Wolf öffnet nun die Aussentüre der Baracke und tritt durch die Pendeltüre linker Hand in die Werkstatt. Er sieht die Kinder, zu denen sich jetzt Hermann gesellt hat, und herrscht sie sogleich an: „Was? Ihr habt immer noch nicht aufgeräumt?“ Somit gibt er Wahrfried und Hermann eine Ohrfeige, schubst Edelgard zur Tür hin und weist auf ihre Pflichten in der Küche, während er Helgas heruntergeglittenes Höschen hochzieht, dabei jedoch feststellt, dass dieses nass geworden ist, worauf er es hurtig ganz nach unten zieht, das kleine Mädchen, das schon vor ahnendem Schreck zu bibbern begonnen hat, über das Knie legt und mit der flachen Hand mehrere Male auf den nassen Po haut. „Wann werde ich es noch einmal erleben, dass du nicht mehr in die Hose pinkelst, du Ferkel! Hör auf mit deiner Plärrmusik, sonst bekommst du noch mehr Hiebe!

 

Hinter der hölzernen Trennwand wird noch immer Flöte gespielt. Doch bei dem Gebrüll Helgas wissen die beiden Mädchen, dass Onkel Wolf zurückgekehrt ist. Sofort wird ihr Flöten verzagter, bis es schliesslich mit den Heultönen von nebenan ganz verebbt.
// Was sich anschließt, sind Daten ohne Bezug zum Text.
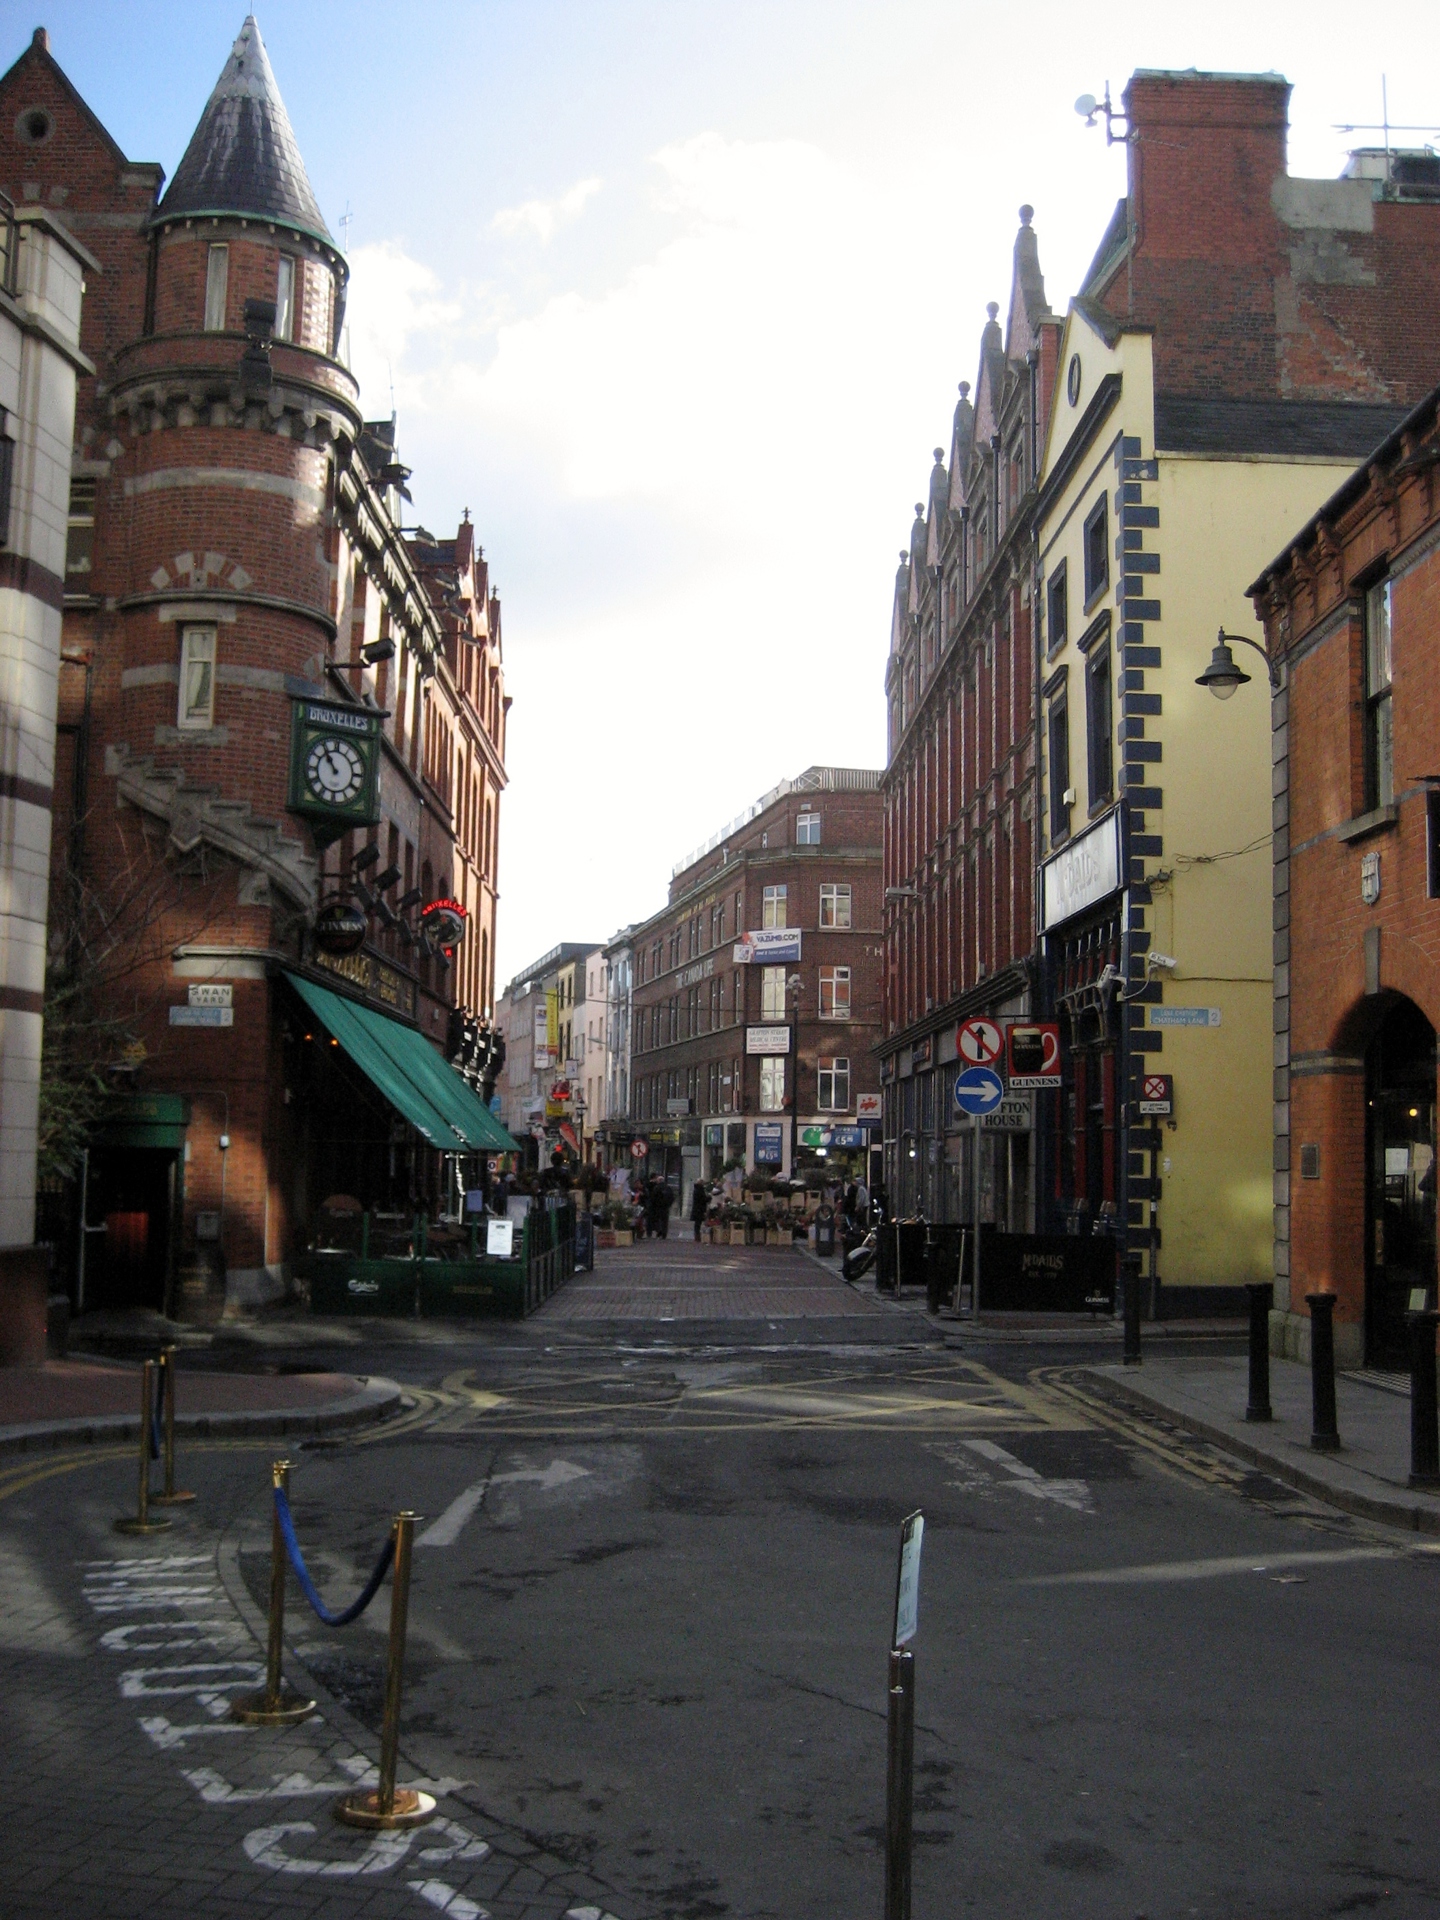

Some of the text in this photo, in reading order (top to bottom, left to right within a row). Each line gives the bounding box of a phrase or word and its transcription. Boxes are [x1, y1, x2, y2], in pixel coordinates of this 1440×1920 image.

[309, 706, 368, 731] BRUXELLES
[191, 987, 230, 996] SWAN
[1211, 1012, 1218, 1022] 2
[1012, 1077, 1059, 1087] GUINNESS
[1001, 1101, 1030, 1114] FTON
[985, 1115, 1023, 1126] HOUSE
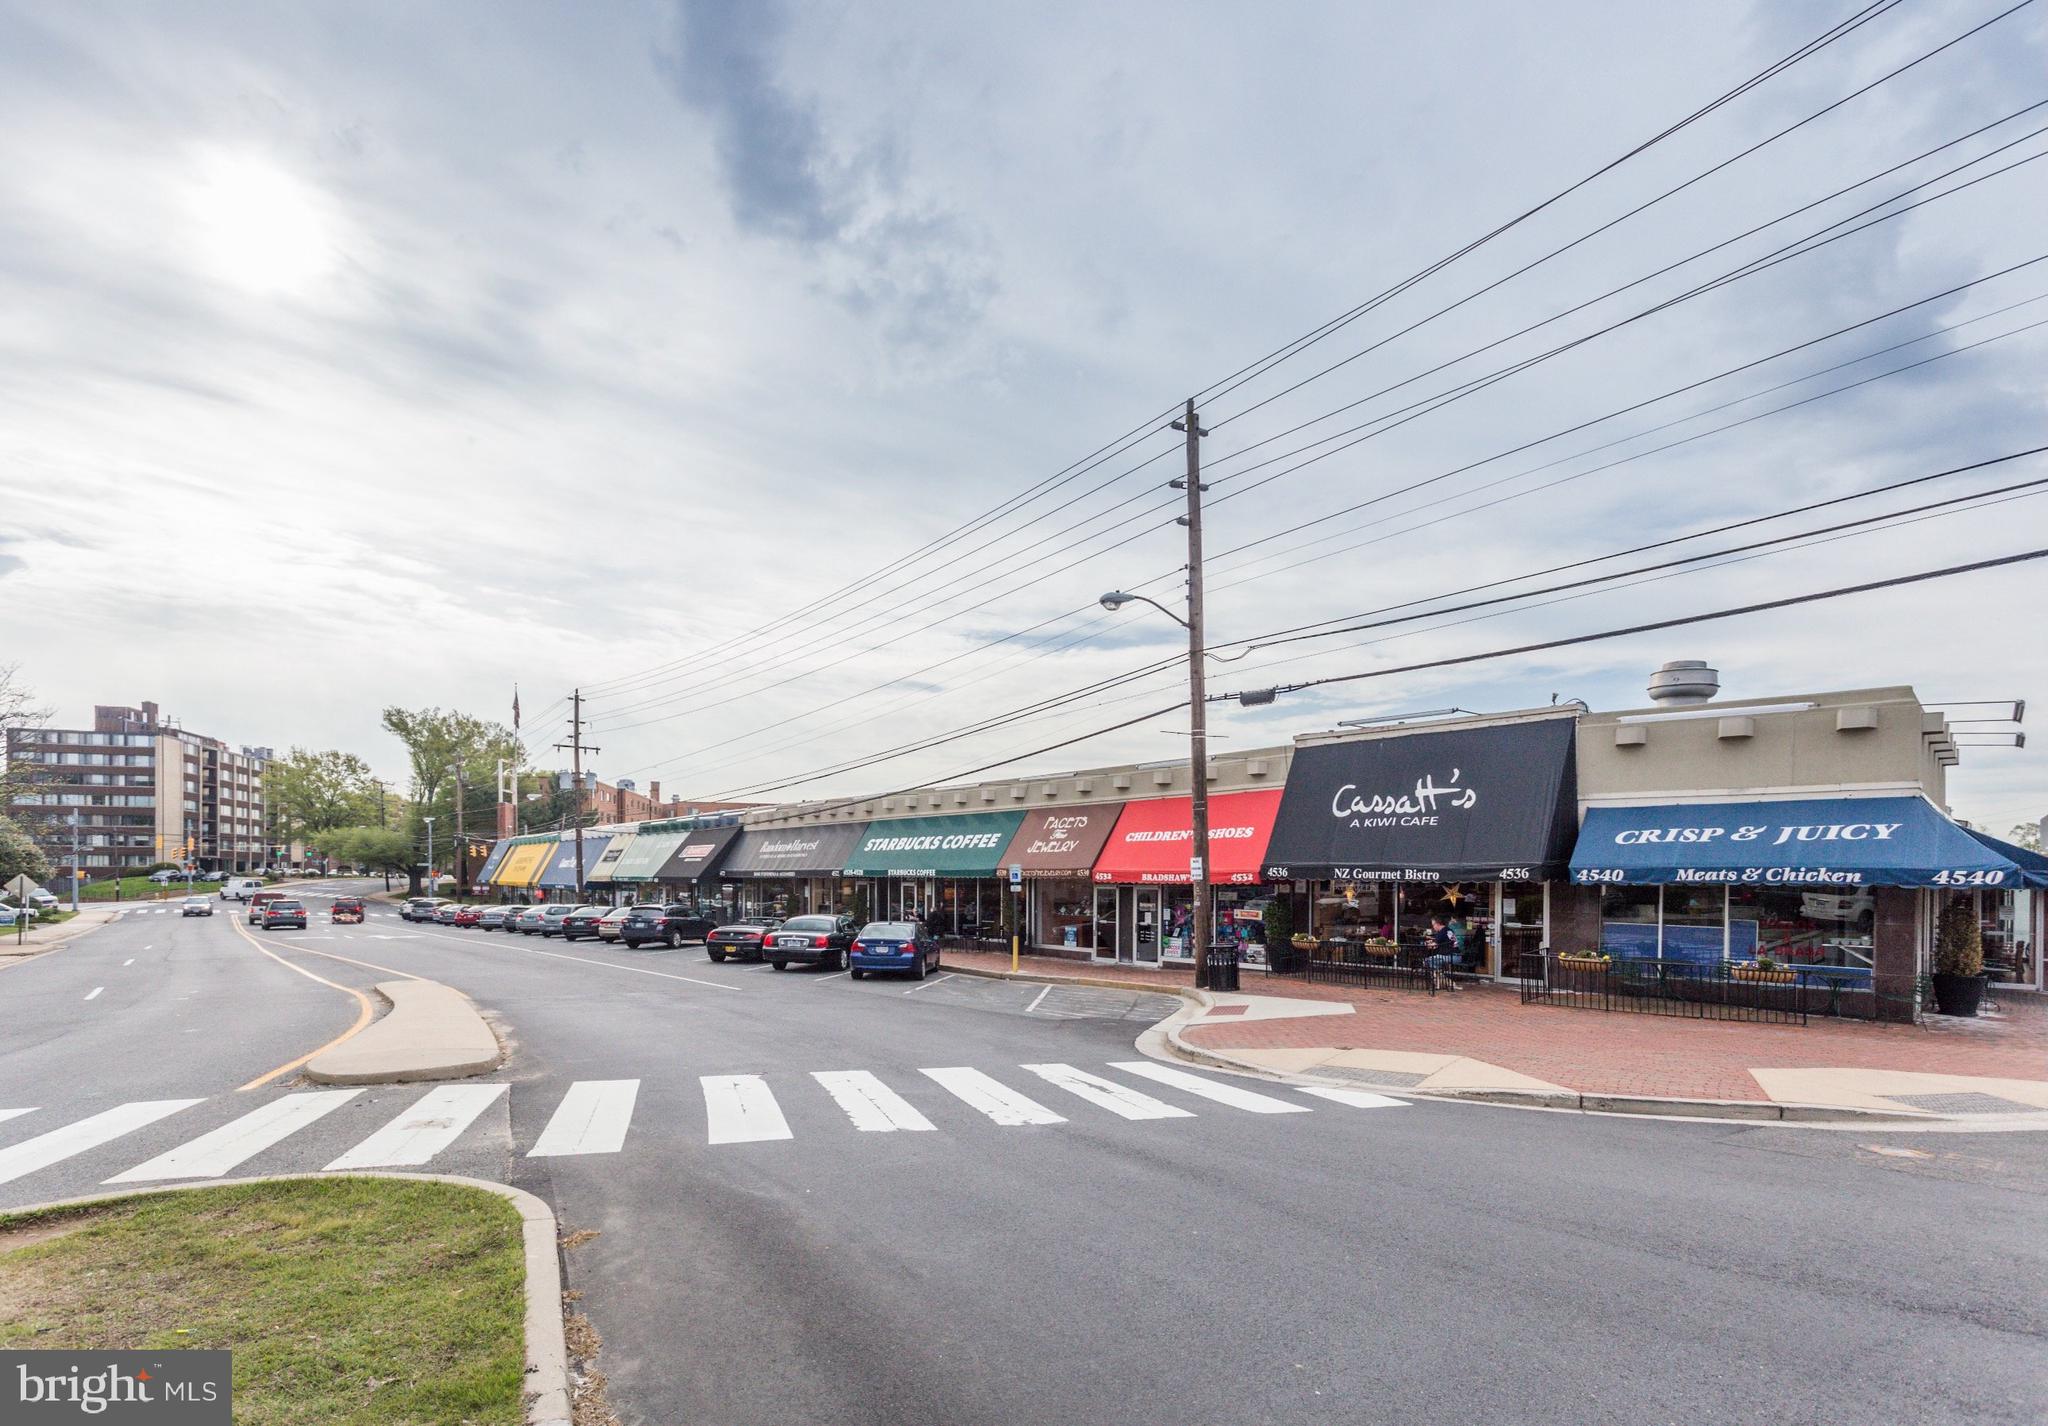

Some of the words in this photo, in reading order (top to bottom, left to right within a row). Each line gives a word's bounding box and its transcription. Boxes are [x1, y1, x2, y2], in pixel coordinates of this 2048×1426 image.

Die Barackenmusik von heute ist zu ihrem Ende gekommen. Die Disharmonie hat wieder einmal über die Harmonie gesiegt. Jeder, der sich von den chaotischen Misstönen, die alles in ihre disharmonischen Schwingungen zu versetzen trachten, nicht besiegen lassen will, sollte sich aufmachen, die Harmonie in seinem Herzen zu suchen. Ja, das ist sehr schwer, wir wissen es. Aber allein der Versuch, diese zu finden und sich wirklich darum zu bemühen, ist schon ein lohnendes Unterfangen.